Is there a method in matlab where I just can feed in the vector and then I get the confidence interval?
Or I can write my own method but I need at least the value of t (critical value of the t distribution) because it depends on the number of samples and I don't want to lookup it in a table everytime. Is this possible?
Would be very nice if somebody could give an example.
Last but not least, I want 95% confidence in a 5% interval around the mean. For checking that I just have to calculate the 95% confidence interval and then check if the retrieved value is less than 5% of my mean, right?
4 个评论
Andrei Keino
2017-7-18
How to calculate confidence interval for linear model. It's the same for mean value, but the number of degree of freedom (dof) is equal to 1
Adam Danz
2019-8-5
Jennifer Wade
2022-2-15
I use something like this for a generic data vector, A.....
N = length(A)
STDmean = mean(A)/sqrt(N)
dof = N - 1; %Depends on the problem but this is standard for a CI around a mean.
studentst = tinv([.025 0.975],dof) %tinv is the student's t lookup table for the two-tailed 95% CI ...
CI = studentst*STDmean
I'm looking into bootci now!
采纳的回答
Star Strider
2014-10-20
This works:
x = randi(50, 1, 100); % Create Data
SEM = std(x)/sqrt(length(x)); % Standard Error
ts = tinv([0.025 0.975],length(x)-1); % T-Score
CI = mean(x) + ts*SEM; % Confidence Intervals
You have to have the Statistics Toolbox to use the tinv function.
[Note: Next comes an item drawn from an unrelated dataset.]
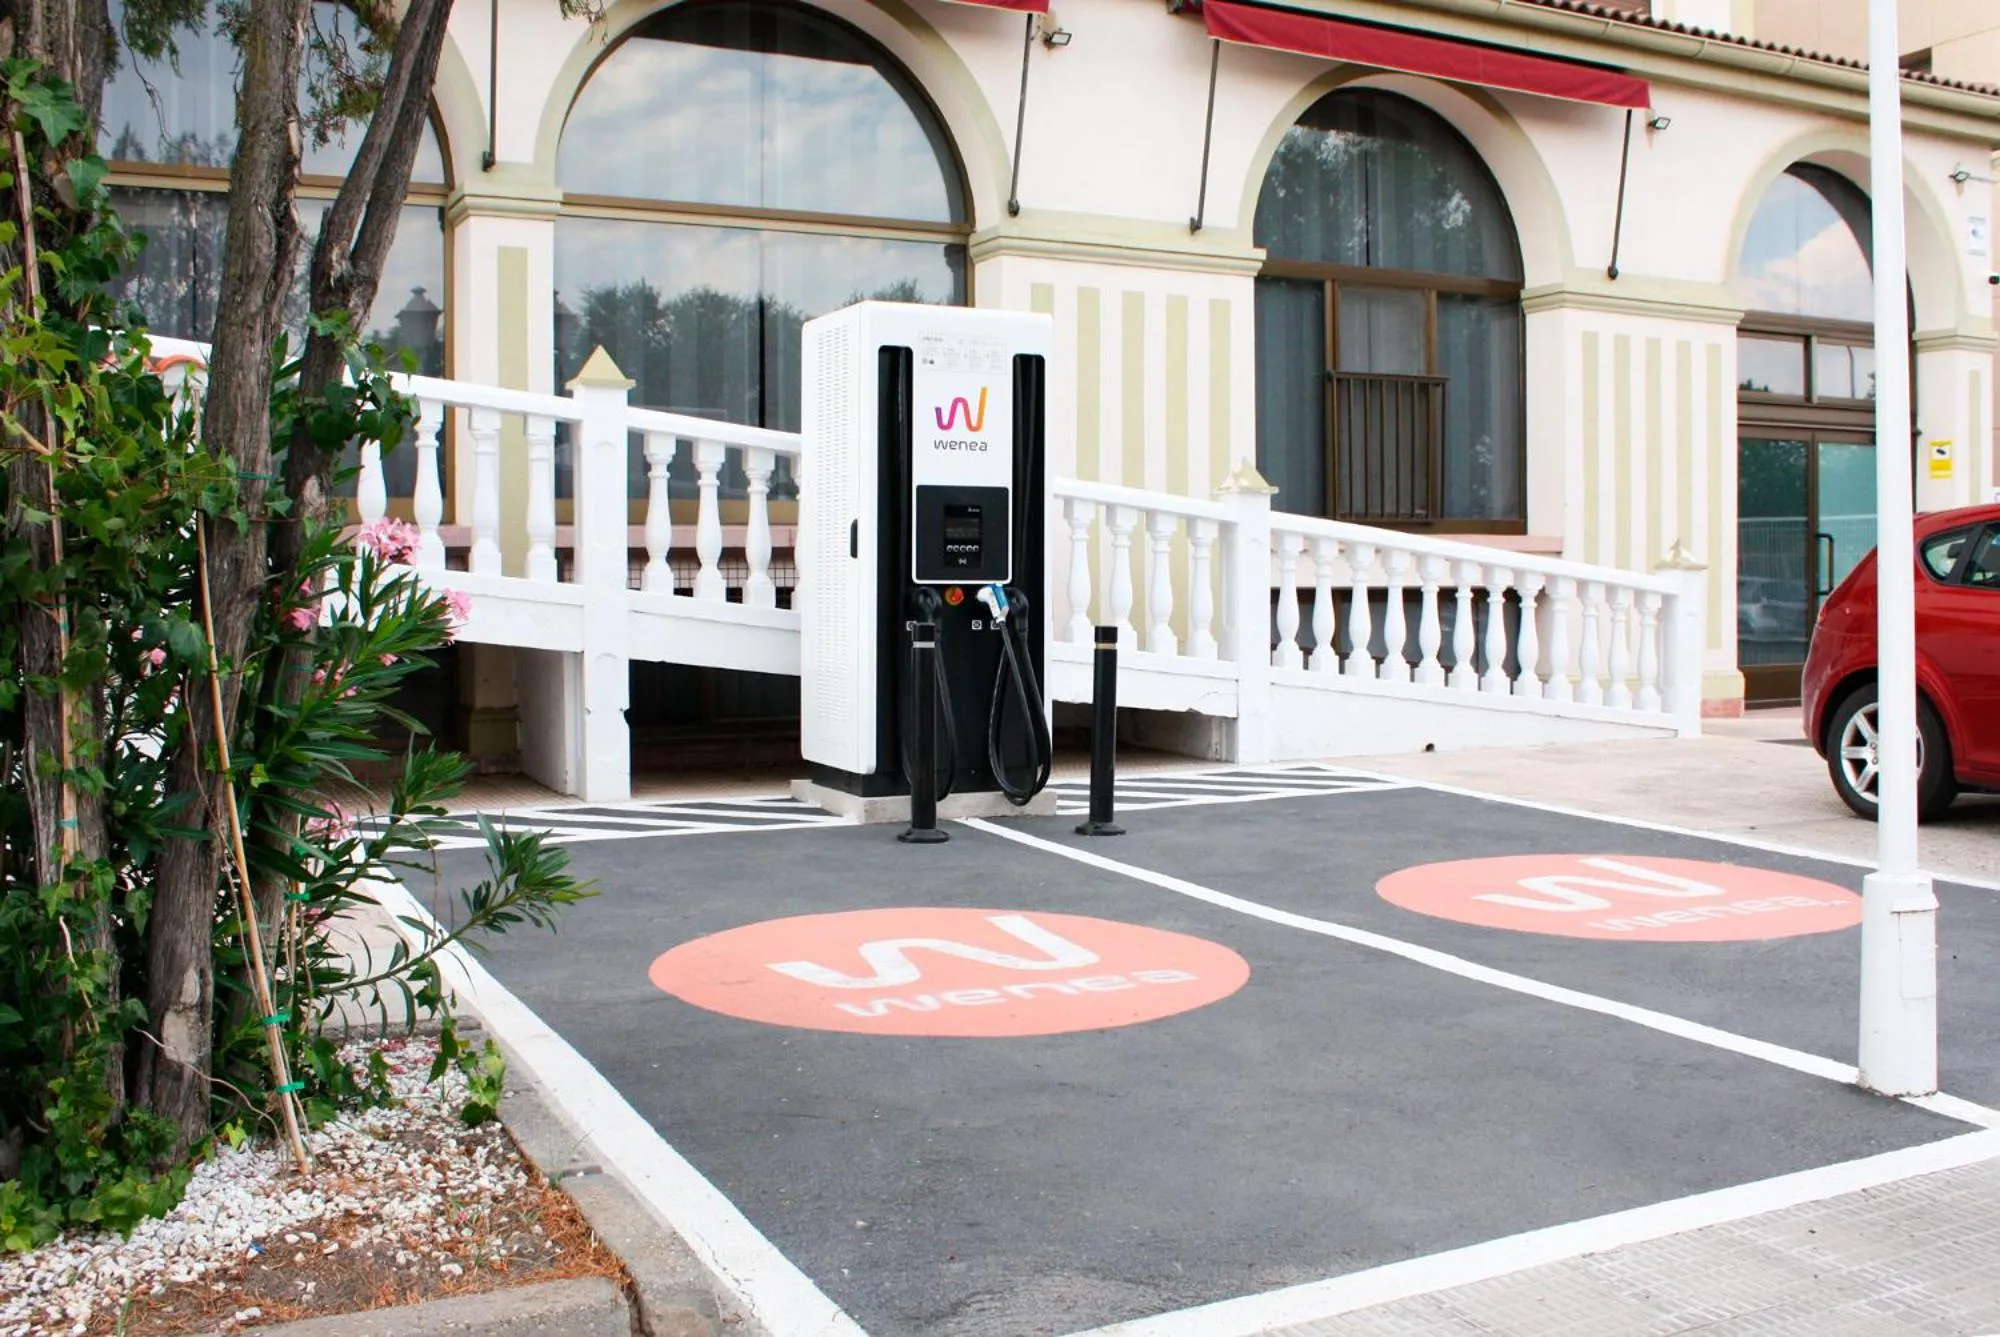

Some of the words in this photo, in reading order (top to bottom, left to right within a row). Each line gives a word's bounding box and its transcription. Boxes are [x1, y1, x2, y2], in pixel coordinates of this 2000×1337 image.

[934, 439, 988, 452] wenea
[1587, 895, 1821, 932] wenea
[834, 969, 1200, 1018] wenea
If you do not have it, I can provide you with a few lines of my code that will calculate the t-probability and its inverse.
25 个评论
Star Strider
2014-10-20
编辑:Star Strider
2014-10-20
My pleasure!
It will give you the 95% confidence interval using a two-tailed t-distribution. This is the centre 95%, so the lower and upper 2.5% tails of the distribution are not included.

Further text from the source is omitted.